Isolated adult rat myocytes were subjected to 180 min of metabolic inhibition or incubated in ischaemic pellets, in the presence and absence of 10 microM okadaic acid (OA) or calyculin A (CL-A). Contracture and viability was determined by light microscopic analysis of trypan blue-stained preparations and ATP levels by HPLC. Osmotic fragility was assessed by brief hypotonic swelling of cells in 170 or 85 mOsm media prior to determination of viability. Neither drug significantly affected the relatively rapid rates of contracture of myocytes during metabolic inhibition, and both afforded significant protection from development of trypan blue permeability and osmotic fragility.
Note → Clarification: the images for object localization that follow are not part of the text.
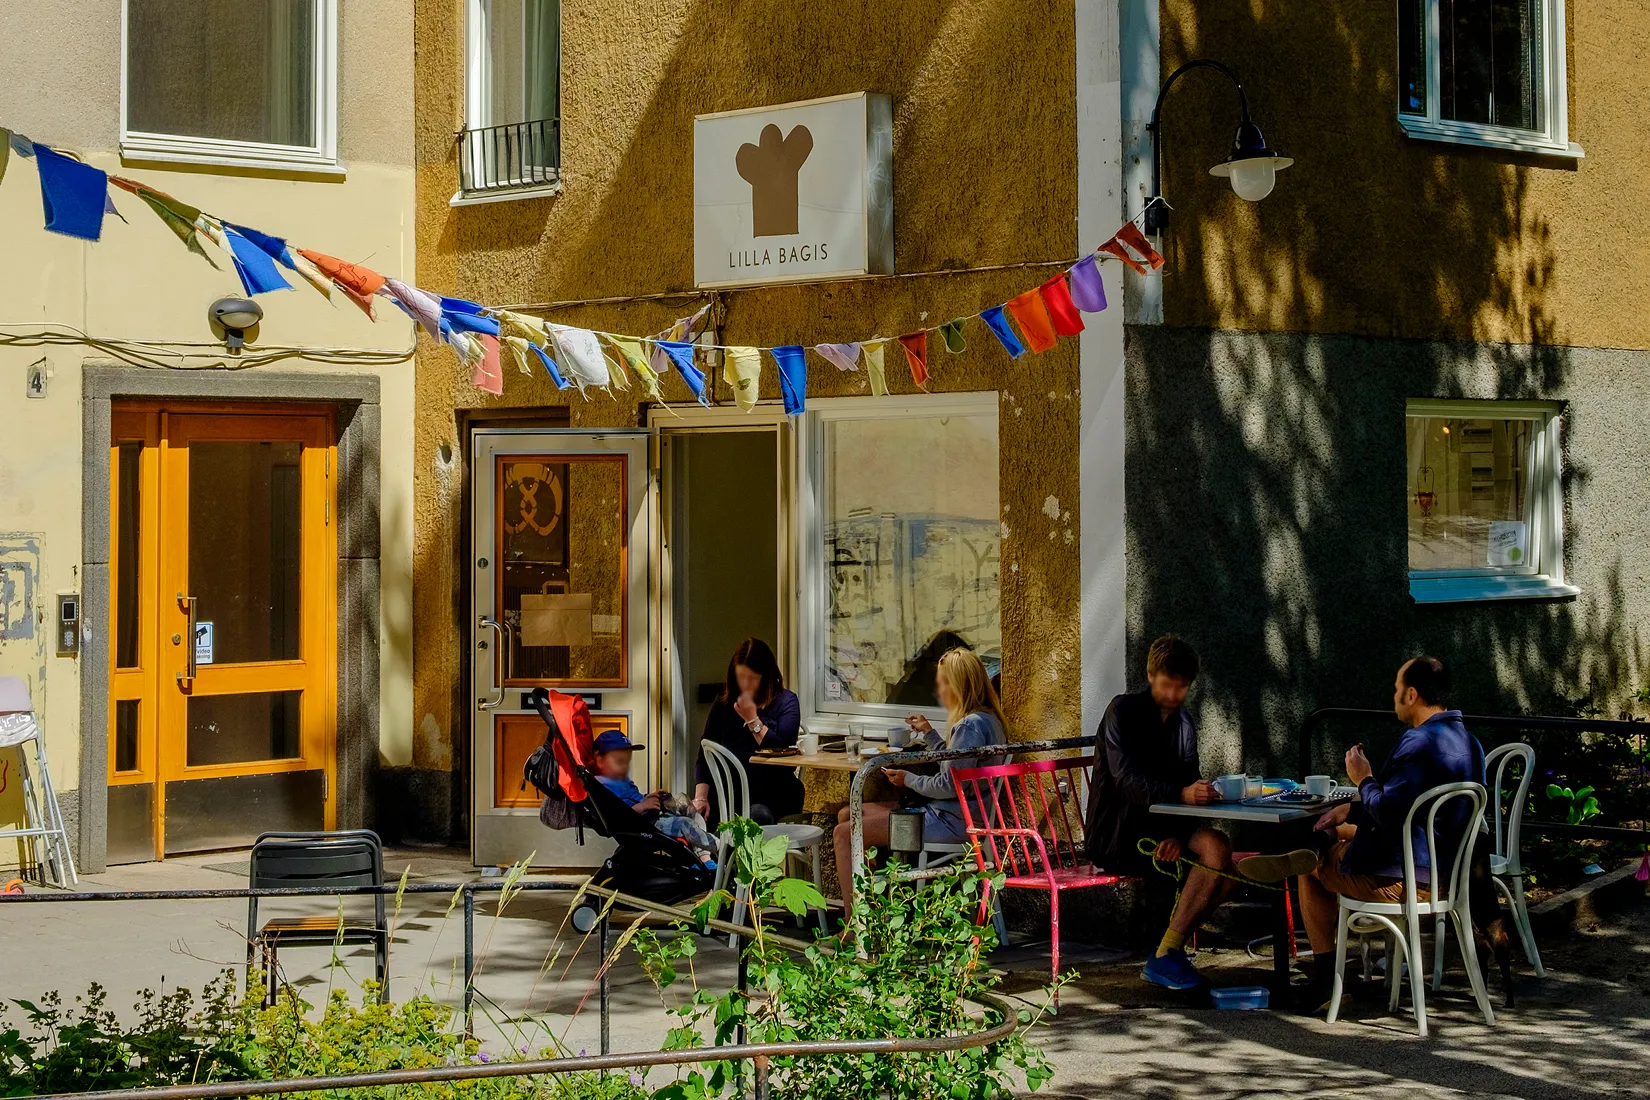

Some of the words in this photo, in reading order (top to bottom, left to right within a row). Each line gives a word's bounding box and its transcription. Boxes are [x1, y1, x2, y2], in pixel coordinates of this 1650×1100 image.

[729, 249, 771, 268] LILLA
[779, 243, 828, 264] BAGIS
[31, 371, 42, 393] 4
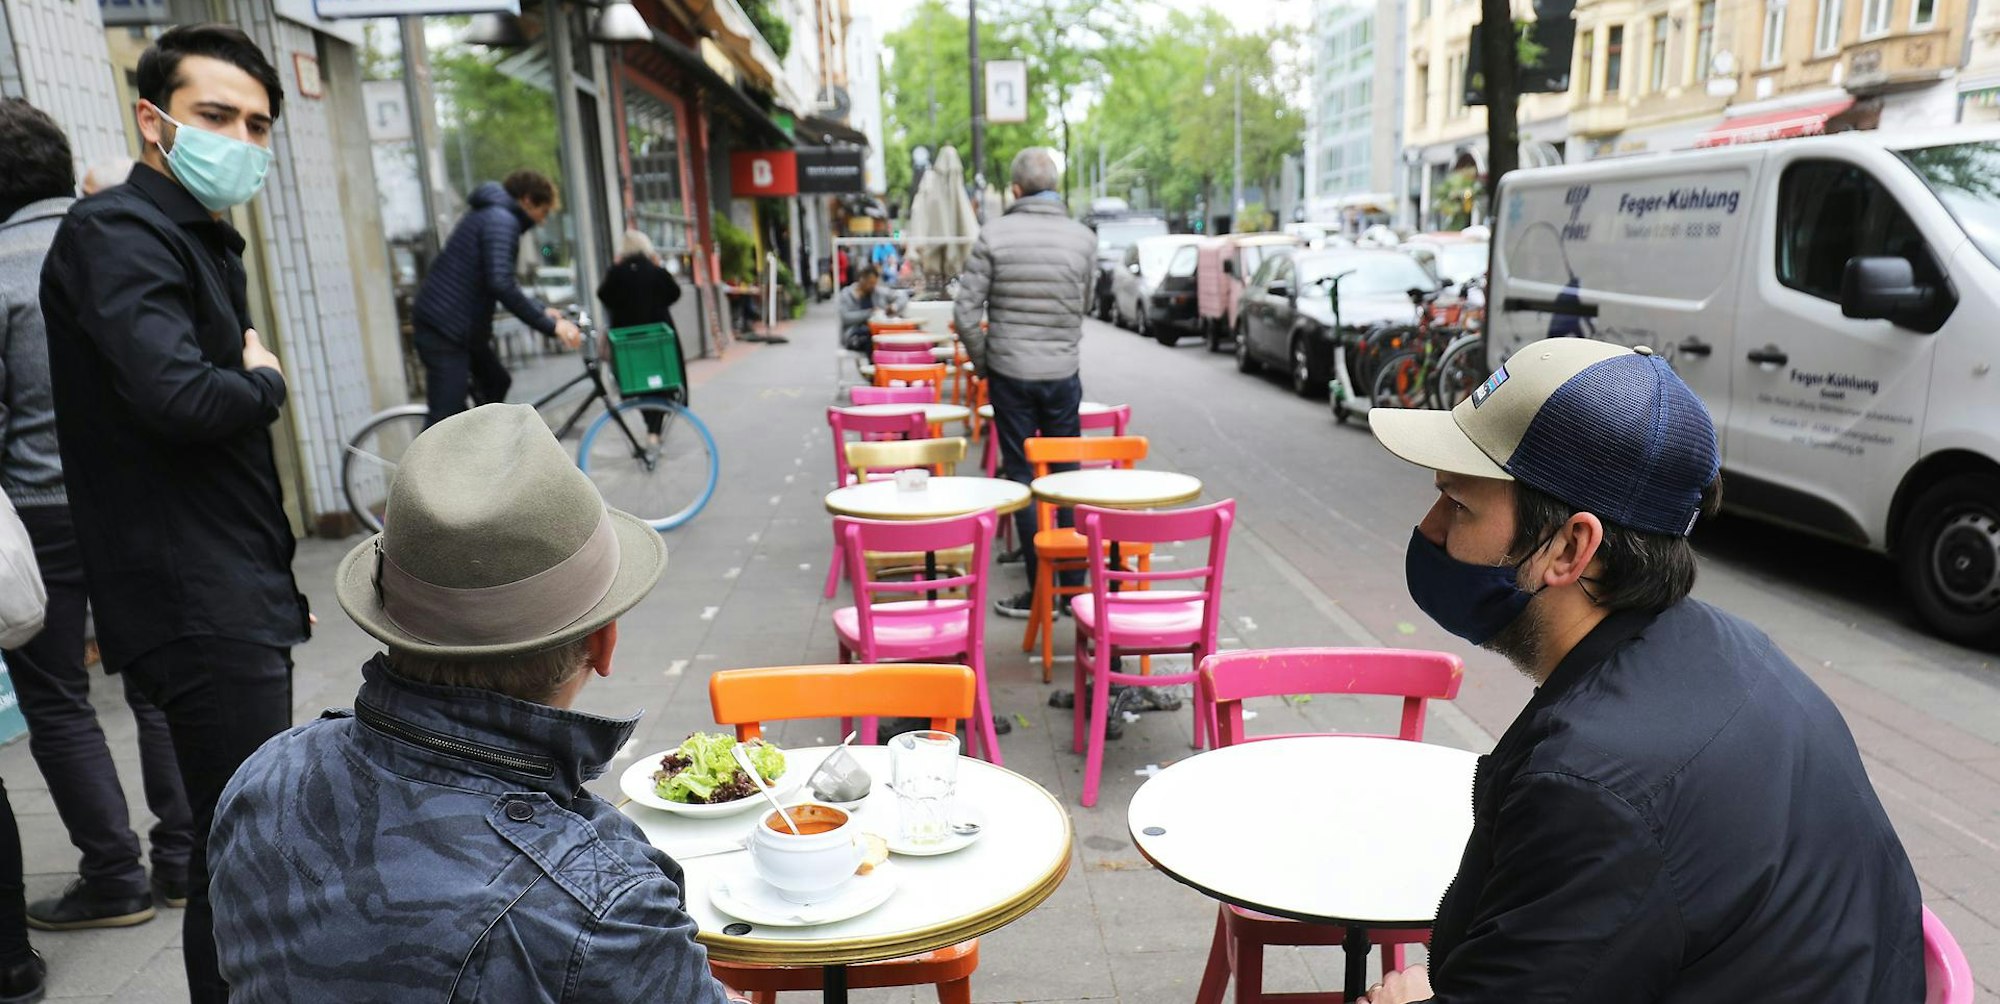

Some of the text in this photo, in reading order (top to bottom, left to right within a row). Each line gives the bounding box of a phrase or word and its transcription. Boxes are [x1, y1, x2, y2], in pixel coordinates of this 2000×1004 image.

[752, 158, 774, 188] B
[1618, 185, 1741, 218] Feger-Kühlung
[1789, 368, 1880, 394] Feger-Kühlung
Both OA and CL-A significantly accelerated the rates of contracture and ATP depletion of myocytes during ischaemic incubations. Despite an enhanced rate of ATP depletion, which would be expected to accelerate development of injury, neither drug accelerated development of loss of viability or development of osmotic fragility as measured by 170 mOsm swelling. Mathematical compensation for different rates of ATP depletion confirmed that a protective effect of the drugs, during ischaemic incubation, was masked by their enhancement of the rate of injury, following swelling at 170 mOsm. When the effects of CL-A on ischaemic cells were examined at 85 mOsm, a more stringent test for osmotic fragility, protection was found without compensation for differing rates of ATP depletion. A dose/response curve for CL-A showed some effect at 100 nM and a nearly full effect during metabolic inhibition at 1 microM concentrations. It is concluded that protein phosphatase inhibitors reduce the rates of development of osmotic fragility of metabolically inhibited cells and reduces the rate of injury relative to the rate of ATP depletion of ischaemic cardiomyocytes. Phosphorylation mechanisms may be important to development of irreversible myocardial cell injury.